Even before Amazon’s announcement, the “Great Resignation,” inflation, and labor shortages were already causing major changes in compensation.
- Results of an annual survey slated to be released by Payscale next week indicate that nearly 60% of technology companies plan to give pay raises of more than 3% this year, significantly higher than in the past.
- In addition, 50% of technology companies now offer stock as a benefit, more than any other industry, and up 3 percentage points since before the pandemic, according to the upcoming 2022 Compensation Best Practices Report from the Seattle-based compensation software and data company.
“Compensation is getting a spotlight, and that’s why you’re seeing a lot more out there, as people try to grapple with what is the right short-term and long-term compensation strategy,” said Shelly Holt, Payscale’s chief people officer.
Amazon’s increases could accelerate the changes in the industry.
Other companies “can’t help but pay attention to it,” says Garry Straker, senior compensation consultant at salary.com. “I think organizations will certainly have to be aware of what’s going on at Amazon and look to try to find ways to differentiate themselves from Amazon in terms of their overall value proposition and what they have to offer as an alternative.

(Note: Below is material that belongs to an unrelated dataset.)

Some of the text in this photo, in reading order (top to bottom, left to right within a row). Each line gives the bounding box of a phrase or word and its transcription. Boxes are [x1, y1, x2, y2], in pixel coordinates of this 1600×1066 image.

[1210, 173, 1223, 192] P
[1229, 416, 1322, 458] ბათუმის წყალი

Money’s important, but it’s not everything.”
However, he said it’s important for companies to be cautious.
“My advice is not to take a knee-jerk reaction to this. Wait and see how it all plays out,” Straker said. “The labor market could change pretty rapidly in the next six months. But I think the key for a lot of organizations is making sure that their compensation programs are sustainable.”
Compensation isn’t everything.
Amazon is in a unique financial position to make these changes, thanks to the strength of its Amazon Web Services business, as evidenced by its earnings last week. But companies can still compete on other perks and culture.

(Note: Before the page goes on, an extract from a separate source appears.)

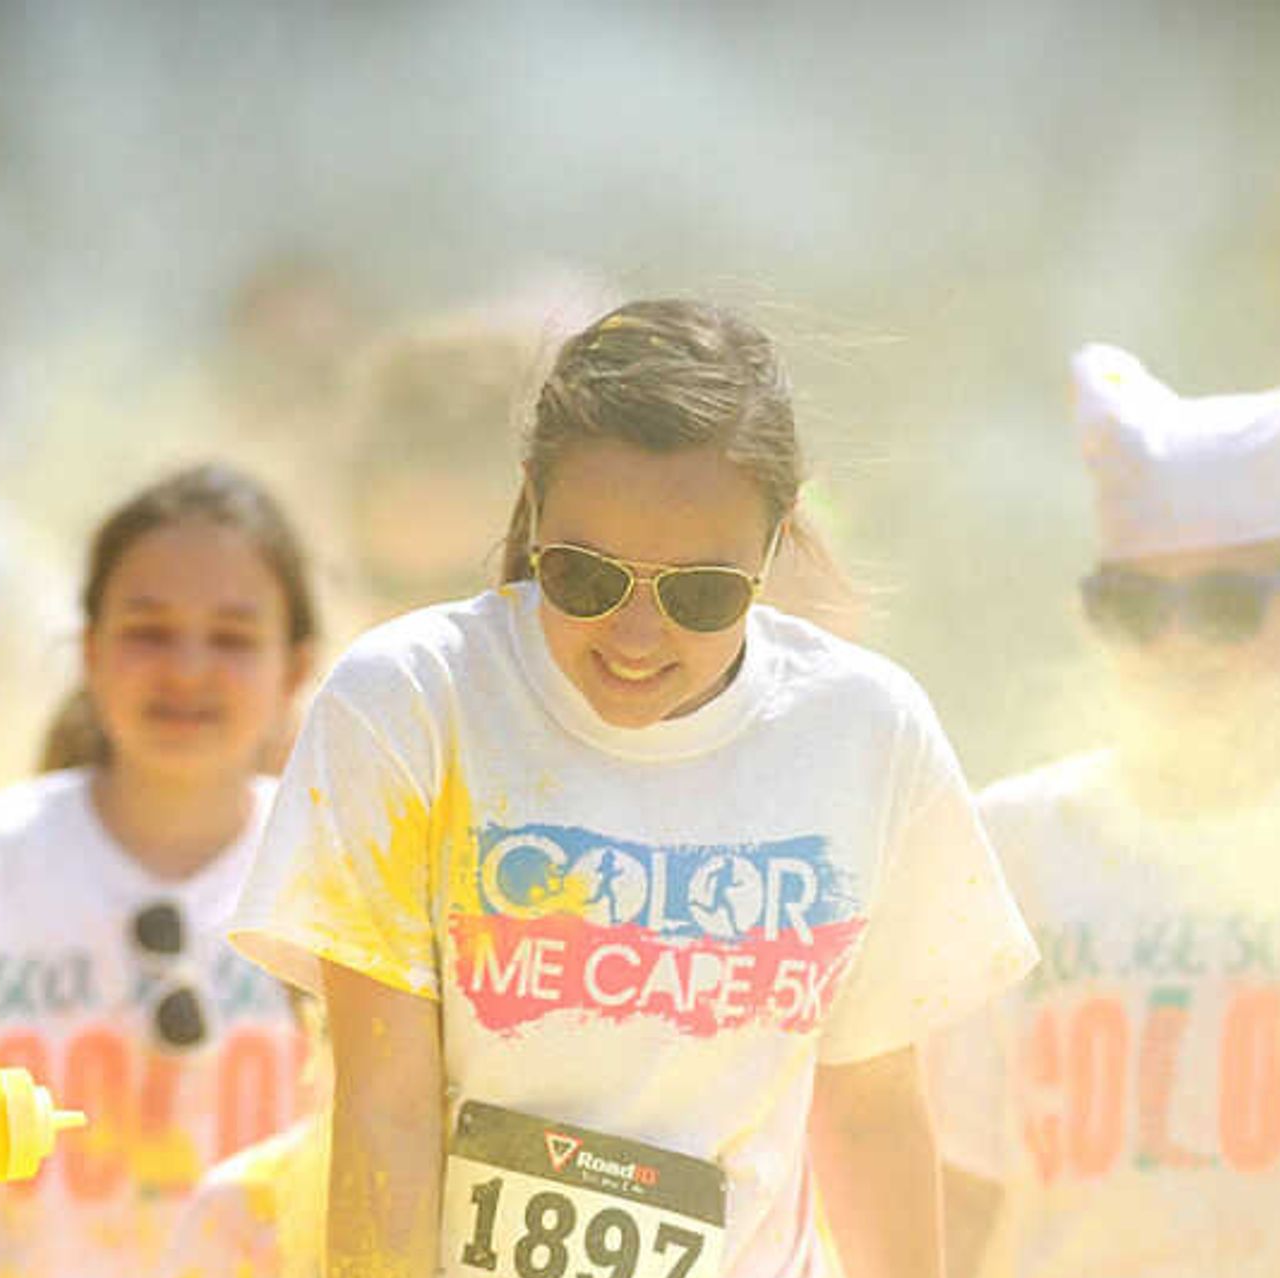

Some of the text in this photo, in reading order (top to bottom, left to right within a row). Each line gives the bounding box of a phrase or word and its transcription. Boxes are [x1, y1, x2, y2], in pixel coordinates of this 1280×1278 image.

[481, 834, 819, 946] COLOR
[471, 929, 846, 1024] ME CAPE 5K

“We’re going to see quite a bit more in the total rewards space,” said Payscale’s Holt.
Whereas companies would have provided in-office amenities in the past, she said, they will increasingly compete by offering different perks such as travel vouchers, gym access and general flexibility in how employees can work.
Look out for inequities.
Amazon will need to act with purpose and transparency as new compensation levels are set, to ensure the pay increases are given out in an equitable manner, without racial or gender bias, or other inequities.
“If you are in an environment where big bumps in salary are given to a segment of the population without any clear understanding of how and why that happened, that will raise eyebrows, and that will cause some concerns around internal equity,” said Straker of salary.com.